** DATASET RECORDS follows **
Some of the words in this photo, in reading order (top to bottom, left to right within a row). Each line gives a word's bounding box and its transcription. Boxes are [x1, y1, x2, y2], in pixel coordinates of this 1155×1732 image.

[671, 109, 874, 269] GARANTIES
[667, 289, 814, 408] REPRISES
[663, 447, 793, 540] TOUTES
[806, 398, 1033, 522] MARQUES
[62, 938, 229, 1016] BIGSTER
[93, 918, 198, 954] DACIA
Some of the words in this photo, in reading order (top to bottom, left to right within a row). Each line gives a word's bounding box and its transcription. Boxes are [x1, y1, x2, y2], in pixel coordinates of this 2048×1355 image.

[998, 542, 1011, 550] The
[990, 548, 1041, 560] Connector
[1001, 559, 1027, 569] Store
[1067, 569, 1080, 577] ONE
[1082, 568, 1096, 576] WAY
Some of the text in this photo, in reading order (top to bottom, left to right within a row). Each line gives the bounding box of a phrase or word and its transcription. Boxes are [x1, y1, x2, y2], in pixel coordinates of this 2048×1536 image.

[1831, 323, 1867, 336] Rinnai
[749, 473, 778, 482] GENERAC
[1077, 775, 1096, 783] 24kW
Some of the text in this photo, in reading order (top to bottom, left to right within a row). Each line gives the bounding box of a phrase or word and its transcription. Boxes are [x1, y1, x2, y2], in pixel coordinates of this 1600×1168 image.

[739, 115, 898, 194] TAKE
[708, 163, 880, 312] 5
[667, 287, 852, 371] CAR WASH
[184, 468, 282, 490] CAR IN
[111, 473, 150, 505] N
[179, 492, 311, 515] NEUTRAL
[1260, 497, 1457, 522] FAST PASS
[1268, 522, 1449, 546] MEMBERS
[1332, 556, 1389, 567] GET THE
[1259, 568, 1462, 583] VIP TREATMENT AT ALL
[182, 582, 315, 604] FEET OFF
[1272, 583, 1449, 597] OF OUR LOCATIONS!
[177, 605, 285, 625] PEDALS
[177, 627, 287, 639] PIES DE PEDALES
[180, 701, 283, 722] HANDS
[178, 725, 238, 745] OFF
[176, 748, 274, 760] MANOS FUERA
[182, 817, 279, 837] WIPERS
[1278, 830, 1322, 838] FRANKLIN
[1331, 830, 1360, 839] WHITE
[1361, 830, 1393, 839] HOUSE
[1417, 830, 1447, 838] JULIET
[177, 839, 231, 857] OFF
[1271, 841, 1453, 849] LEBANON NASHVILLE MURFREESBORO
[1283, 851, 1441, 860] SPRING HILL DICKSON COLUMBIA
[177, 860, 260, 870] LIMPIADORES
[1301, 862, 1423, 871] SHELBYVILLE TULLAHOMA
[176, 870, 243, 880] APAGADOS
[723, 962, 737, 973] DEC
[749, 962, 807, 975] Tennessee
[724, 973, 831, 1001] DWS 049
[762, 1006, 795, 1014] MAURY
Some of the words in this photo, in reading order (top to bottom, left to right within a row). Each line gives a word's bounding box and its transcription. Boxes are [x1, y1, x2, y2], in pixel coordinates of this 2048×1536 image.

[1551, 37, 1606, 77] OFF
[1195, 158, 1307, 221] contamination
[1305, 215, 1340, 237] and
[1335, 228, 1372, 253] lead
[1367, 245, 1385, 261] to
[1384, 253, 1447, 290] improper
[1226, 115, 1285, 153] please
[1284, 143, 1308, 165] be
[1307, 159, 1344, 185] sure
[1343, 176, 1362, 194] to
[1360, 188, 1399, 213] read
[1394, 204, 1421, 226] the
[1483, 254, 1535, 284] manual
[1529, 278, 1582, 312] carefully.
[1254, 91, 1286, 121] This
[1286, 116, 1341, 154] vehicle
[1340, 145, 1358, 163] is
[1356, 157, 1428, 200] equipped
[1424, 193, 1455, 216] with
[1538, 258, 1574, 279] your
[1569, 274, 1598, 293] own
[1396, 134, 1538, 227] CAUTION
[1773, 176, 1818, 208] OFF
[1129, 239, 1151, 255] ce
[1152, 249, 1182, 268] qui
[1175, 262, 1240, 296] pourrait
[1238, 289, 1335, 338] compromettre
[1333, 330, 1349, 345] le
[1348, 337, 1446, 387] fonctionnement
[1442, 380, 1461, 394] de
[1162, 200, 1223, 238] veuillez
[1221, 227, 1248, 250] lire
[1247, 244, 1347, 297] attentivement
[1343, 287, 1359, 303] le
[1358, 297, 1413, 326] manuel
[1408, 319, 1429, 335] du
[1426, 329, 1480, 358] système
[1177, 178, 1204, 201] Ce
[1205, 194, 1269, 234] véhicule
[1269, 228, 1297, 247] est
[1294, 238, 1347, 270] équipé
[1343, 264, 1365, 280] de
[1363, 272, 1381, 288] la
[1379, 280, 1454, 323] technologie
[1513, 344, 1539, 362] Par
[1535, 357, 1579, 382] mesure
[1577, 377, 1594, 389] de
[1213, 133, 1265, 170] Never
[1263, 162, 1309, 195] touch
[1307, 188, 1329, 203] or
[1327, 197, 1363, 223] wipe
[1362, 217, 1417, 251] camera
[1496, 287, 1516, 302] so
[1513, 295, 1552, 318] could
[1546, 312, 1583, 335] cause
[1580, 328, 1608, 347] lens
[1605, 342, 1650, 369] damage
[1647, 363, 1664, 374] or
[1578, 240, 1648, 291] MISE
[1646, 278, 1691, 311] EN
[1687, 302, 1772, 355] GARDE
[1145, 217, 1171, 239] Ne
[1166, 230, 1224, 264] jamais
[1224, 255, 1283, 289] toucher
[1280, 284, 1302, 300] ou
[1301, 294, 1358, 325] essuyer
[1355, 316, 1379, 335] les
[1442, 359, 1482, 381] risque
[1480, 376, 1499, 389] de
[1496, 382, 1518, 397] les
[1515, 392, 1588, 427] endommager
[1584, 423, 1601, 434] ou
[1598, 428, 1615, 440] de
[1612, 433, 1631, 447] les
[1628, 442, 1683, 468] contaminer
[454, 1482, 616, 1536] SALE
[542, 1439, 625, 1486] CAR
** End of DATASET RECORDS **
▶ [YOUR ASSIGNMENT] Restate the records above verbatim, omitting no line.

▶ [WRITTEN ANSWER]
Some of the words in this photo, in reading order (top to bottom, left to right within a row). Each line gives a word's bounding box and its transcription. Boxes are [x1, y1, x2, y2], in pixel coordinates of this 1155×1732 image.

[671, 109, 874, 269] GARANTIES
[667, 289, 814, 408] REPRISES
[663, 447, 793, 540] TOUTES
[806, 398, 1033, 522] MARQUES
[62, 938, 229, 1016] BIGSTER
[93, 918, 198, 954] DACIA
Some of the words in this photo, in reading order (top to bottom, left to right within a row). Each line gives a word's bounding box and its transcription. Boxes are [x1, y1, x2, y2], in pixel coordinates of this 2048×1355 image.

[998, 542, 1011, 550] The
[990, 548, 1041, 560] Connector
[1001, 559, 1027, 569] Store
[1067, 569, 1080, 577] ONE
[1082, 568, 1096, 576] WAY
Some of the text in this photo, in reading order (top to bottom, left to right within a row). Each line gives the bounding box of a phrase or word and its transcription. Boxes are [x1, y1, x2, y2], in pixel coordinates of this 2048×1536 image.

[1831, 323, 1867, 336] Rinnai
[749, 473, 778, 482] GENERAC
[1077, 775, 1096, 783] 24kW
Some of the text in this photo, in reading order (top to bottom, left to right within a row). Each line gives the bounding box of a phrase or word and its transcription. Boxes are [x1, y1, x2, y2], in pixel coordinates of this 1600×1168 image.

[739, 115, 898, 194] TAKE
[708, 163, 880, 312] 5
[667, 287, 852, 371] CAR WASH
[184, 468, 282, 490] CAR IN
[111, 473, 150, 505] N
[179, 492, 311, 515] NEUTRAL
[1260, 497, 1457, 522] FAST PASS
[1268, 522, 1449, 546] MEMBERS
[1332, 556, 1389, 567] GET THE
[1259, 568, 1462, 583] VIP TREATMENT AT ALL
[182, 582, 315, 604] FEET OFF
[1272, 583, 1449, 597] OF OUR LOCATIONS!
[177, 605, 285, 625] PEDALS
[177, 627, 287, 639] PIES DE PEDALES
[180, 701, 283, 722] HANDS
[178, 725, 238, 745] OFF
[176, 748, 274, 760] MANOS FUERA
[182, 817, 279, 837] WIPERS
[1278, 830, 1322, 838] FRANKLIN
[1331, 830, 1360, 839] WHITE
[1361, 830, 1393, 839] HOUSE
[1417, 830, 1447, 838] JULIET
[177, 839, 231, 857] OFF
[1271, 841, 1453, 849] LEBANON NASHVILLE MURFREESBORO
[1283, 851, 1441, 860] SPRING HILL DICKSON COLUMBIA
[177, 860, 260, 870] LIMPIADORES
[1301, 862, 1423, 871] SHELBYVILLE TULLAHOMA
[176, 870, 243, 880] APAGADOS
[723, 962, 737, 973] DEC
[749, 962, 807, 975] Tennessee
[724, 973, 831, 1001] DWS 049
[762, 1006, 795, 1014] MAURY
Some of the words in this photo, in reading order (top to bottom, left to right within a row). Each line gives a word's bounding box and its transcription. Boxes are [x1, y1, x2, y2], in pixel coordinates of this 2048×1536 image.

[1551, 37, 1606, 77] OFF
[1195, 158, 1307, 221] contamination
[1305, 215, 1340, 237] and
[1335, 228, 1372, 253] lead
[1367, 245, 1385, 261] to
[1384, 253, 1447, 290] improper
[1226, 115, 1285, 153] please
[1284, 143, 1308, 165] be
[1307, 159, 1344, 185] sure
[1343, 176, 1362, 194] to
[1360, 188, 1399, 213] read
[1394, 204, 1421, 226] the
[1483, 254, 1535, 284] manual
[1529, 278, 1582, 312] carefully.
[1254, 91, 1286, 121] This
[1286, 116, 1341, 154] vehicle
[1340, 145, 1358, 163] is
[1356, 157, 1428, 200] equipped
[1424, 193, 1455, 216] with
[1538, 258, 1574, 279] your
[1569, 274, 1598, 293] own
[1396, 134, 1538, 227] CAUTION
[1773, 176, 1818, 208] OFF
[1129, 239, 1151, 255] ce
[1152, 249, 1182, 268] qui
[1175, 262, 1240, 296] pourrait
[1238, 289, 1335, 338] compromettre
[1333, 330, 1349, 345] le
[1348, 337, 1446, 387] fonctionnement
[1442, 380, 1461, 394] de
[1162, 200, 1223, 238] veuillez
[1221, 227, 1248, 250] lire
[1247, 244, 1347, 297] attentivement
[1343, 287, 1359, 303] le
[1358, 297, 1413, 326] manuel
[1408, 319, 1429, 335] du
[1426, 329, 1480, 358] système
[1177, 178, 1204, 201] Ce
[1205, 194, 1269, 234] véhicule
[1269, 228, 1297, 247] est
[1294, 238, 1347, 270] équipé
[1343, 264, 1365, 280] de
[1363, 272, 1381, 288] la
[1379, 280, 1454, 323] technologie
[1513, 344, 1539, 362] Par
[1535, 357, 1579, 382] mesure
[1577, 377, 1594, 389] de
[1213, 133, 1265, 170] Never
[1263, 162, 1309, 195] touch
[1307, 188, 1329, 203] or
[1327, 197, 1363, 223] wipe
[1362, 217, 1417, 251] camera
[1496, 287, 1516, 302] so
[1513, 295, 1552, 318] could
[1546, 312, 1583, 335] cause
[1580, 328, 1608, 347] lens
[1605, 342, 1650, 369] damage
[1647, 363, 1664, 374] or
[1578, 240, 1648, 291] MISE
[1646, 278, 1691, 311] EN
[1687, 302, 1772, 355] GARDE
[1145, 217, 1171, 239] Ne
[1166, 230, 1224, 264] jamais
[1224, 255, 1283, 289] toucher
[1280, 284, 1302, 300] ou
[1301, 294, 1358, 325] essuyer
[1355, 316, 1379, 335] les
[1442, 359, 1482, 381] risque
[1480, 376, 1499, 389] de
[1496, 382, 1518, 397] les
[1515, 392, 1588, 427] endommager
[1584, 423, 1601, 434] ou
[1598, 428, 1615, 440] de
[1612, 433, 1631, 447] les
[1628, 442, 1683, 468] contaminer
[454, 1482, 616, 1536] SALE
[542, 1439, 625, 1486] CAR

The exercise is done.